Objectives People are only rarely, if ever, exposed to a single exposure and predisposition to a disease is generally thought to be caused by the cumulative effects of a multitude of exposures and lifestyle factors in combination with individual susceptibility. However, incorporating all factors and their interactions to assess disease risk requires increasingly complex statistical models. Failure to include all relevant variables and their interactions may result in biased risk estimates, decreased power or computational difficulties.
Methods We describe a hierarchical Bayesian mixture framework (BMF) incorporating a variable-selection prior. Its performance has been compared to a fully adjusted logistic regression model (LM) in simulated case-control studies. Up to twenty dichotomous or continuous exposures and confounders were simulated with prevalences ranging between 10% and 80% and correlations ranging between 0.20 and 0.80. 10% and 50% of exposures were associated with disease (OR∼2.0) with 2 exposures interacting via an increase in log-odds of 2.0-4.0.

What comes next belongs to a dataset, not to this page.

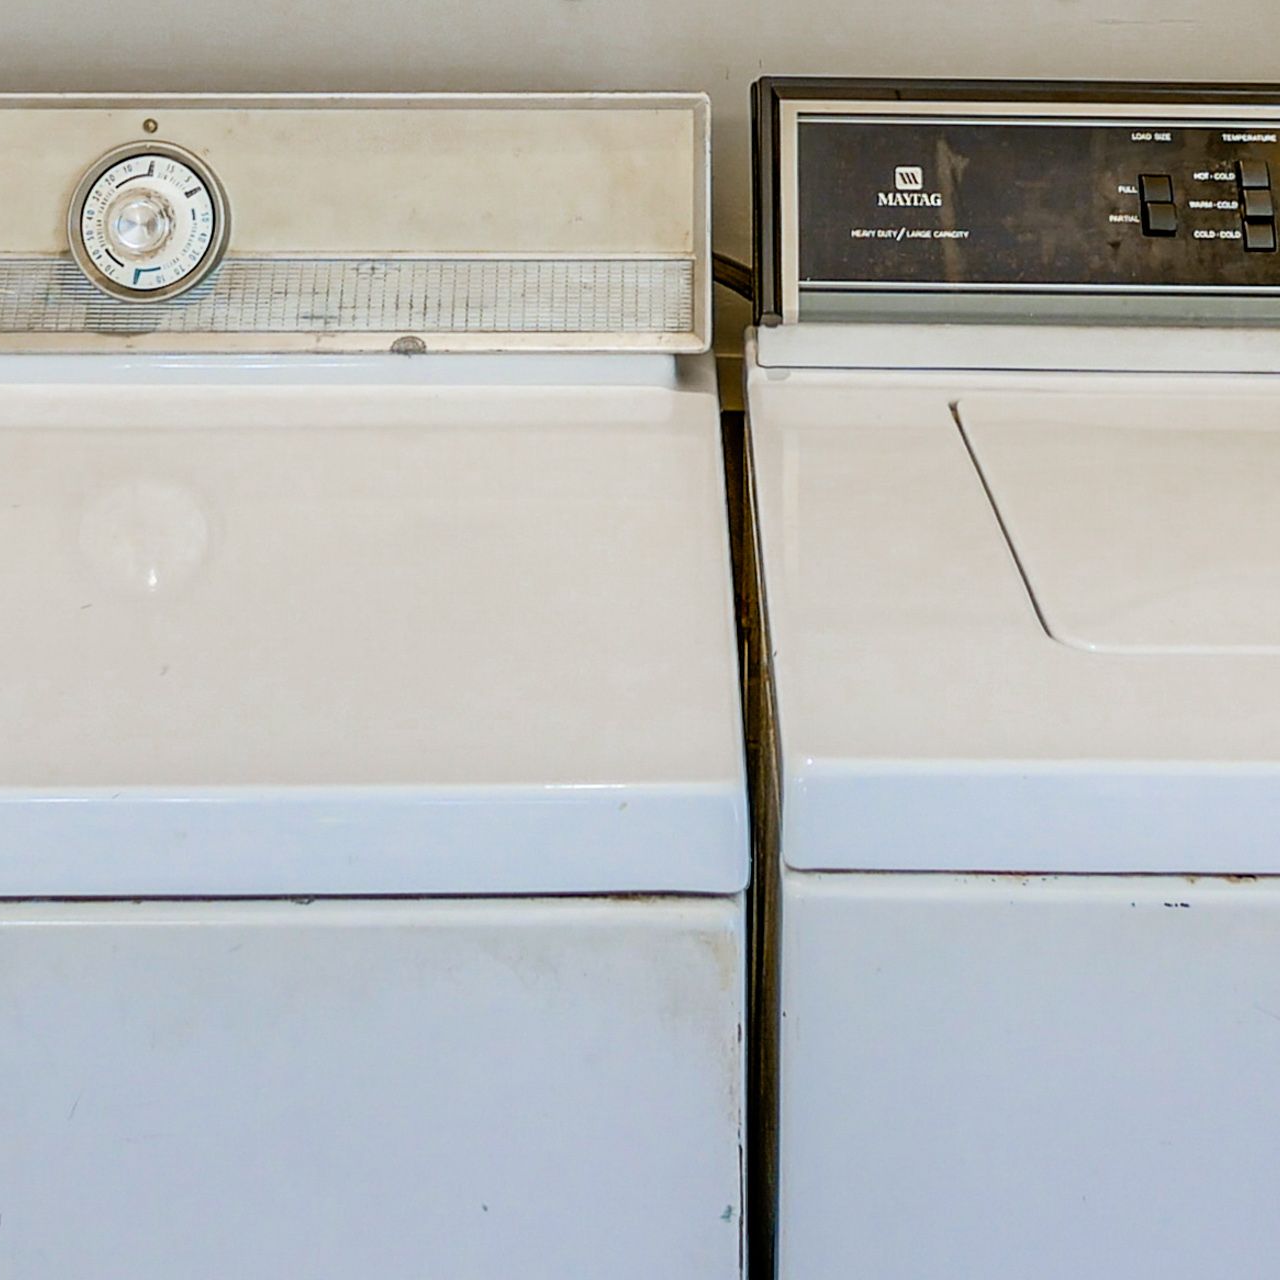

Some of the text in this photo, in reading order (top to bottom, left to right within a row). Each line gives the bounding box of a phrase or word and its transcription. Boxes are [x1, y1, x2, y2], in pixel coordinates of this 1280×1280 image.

Results Mean-squared errors (MSE) of the BMF were smaller than of the LM for all simulations, and whereas the MSE of the LM increased with the number of parameters in the model, this was independent of the number of parameters for the BMF. The numbers of BMF type I errors were minimal (≤1), while for the LM this increased with the number of model parameters and correlation between exposures. The number of type II errors were comparable.
Conclusions This Bayesian mixture framework proves an improved method compared to standard logistic regression models in dealing with the statistical analysis of (correlated) exposure mixtures in case-control studies.